The data:
Content starts

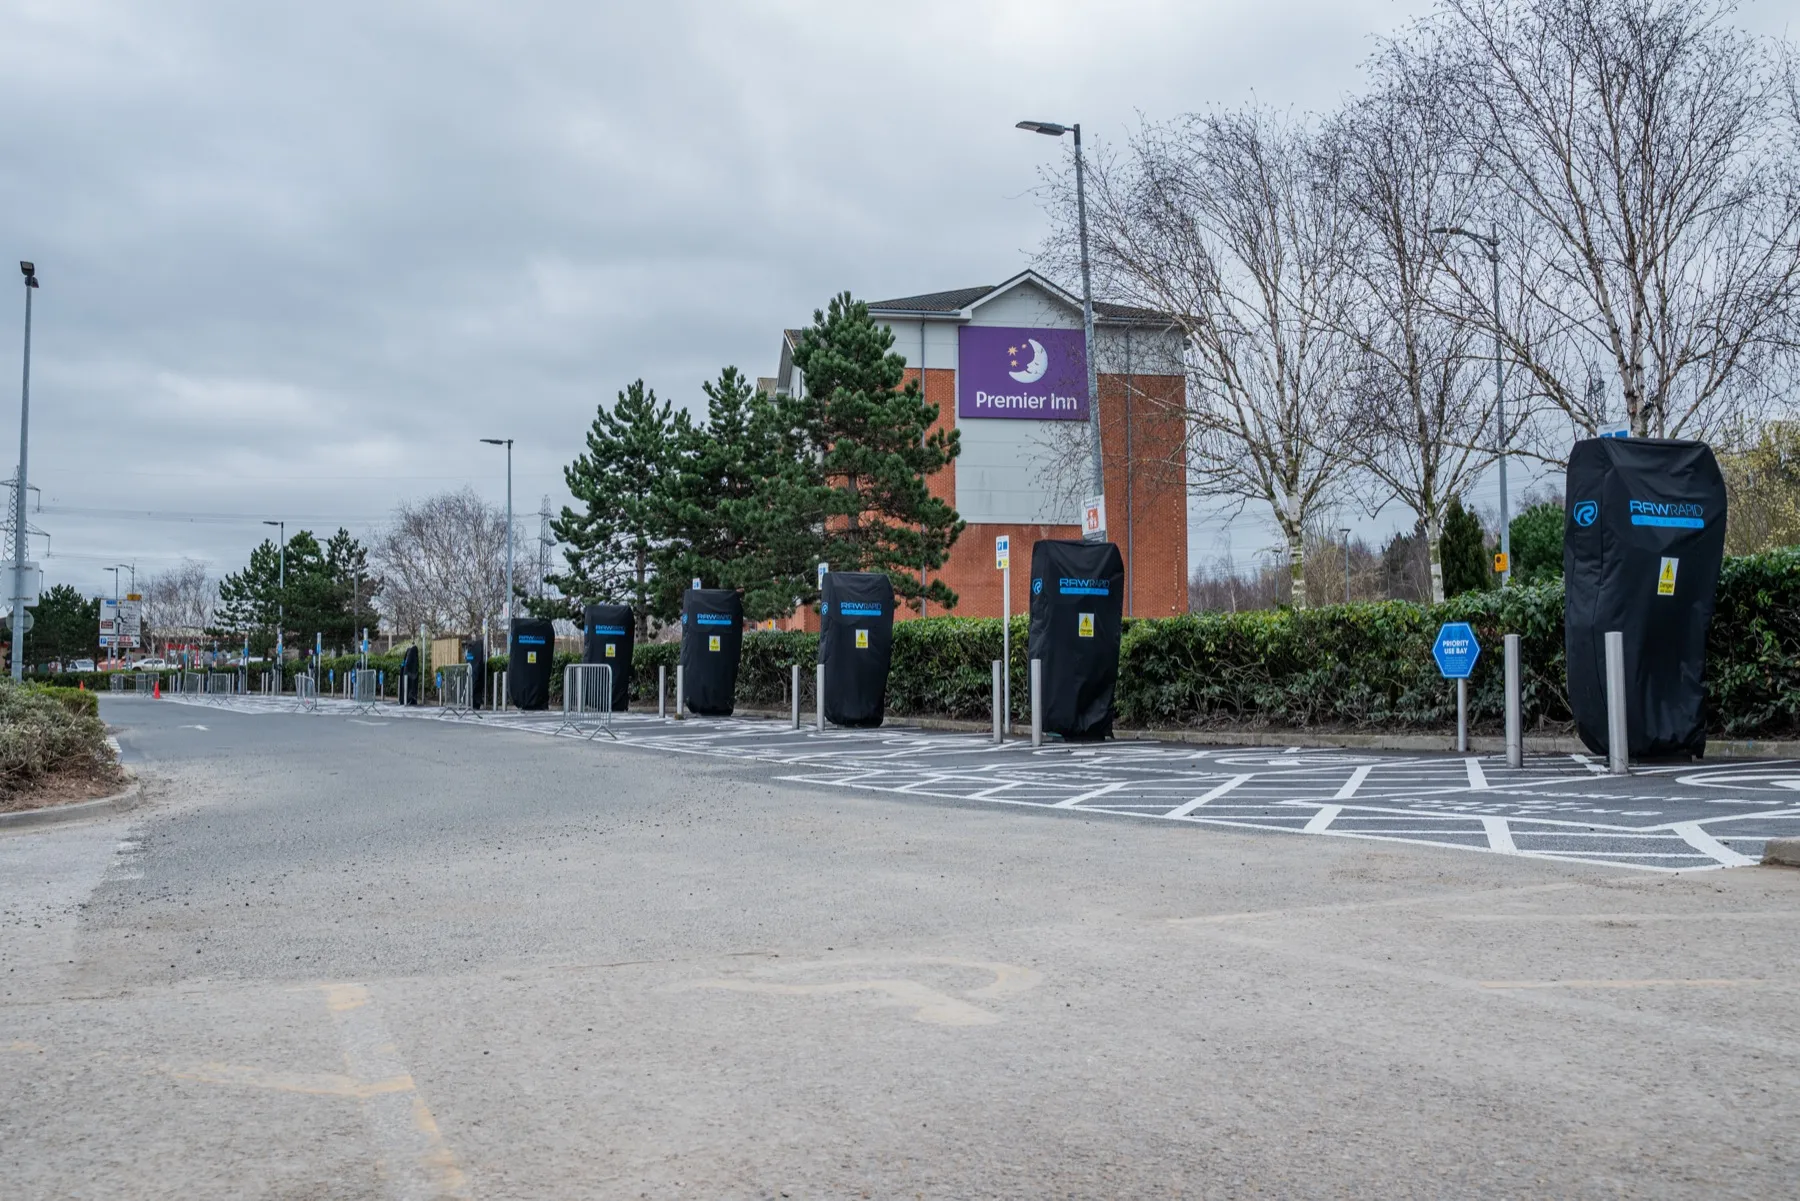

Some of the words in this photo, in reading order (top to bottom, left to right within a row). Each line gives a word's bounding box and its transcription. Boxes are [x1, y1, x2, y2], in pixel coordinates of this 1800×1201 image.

[976, 391, 1047, 409] Premier
[1051, 393, 1077, 410] Inn
[1629, 501, 1703, 517] RAWRAPID
[1059, 578, 1110, 588] RAWRAPID

Content ends

Exercise objective:
Without the pictures, retype each line of the records above exactly.

Result for this task:
Some of the words in this photo, in reading order (top to bottom, left to right within a row). Each line gives a word's bounding box and its transcription. Boxes are [x1, y1, x2, y2], in pixel coordinates of this 1800×1201 image.

[976, 391, 1047, 409] Premier
[1051, 393, 1077, 410] Inn
[1629, 501, 1703, 517] RAWRAPID
[1059, 578, 1110, 588] RAWRAPID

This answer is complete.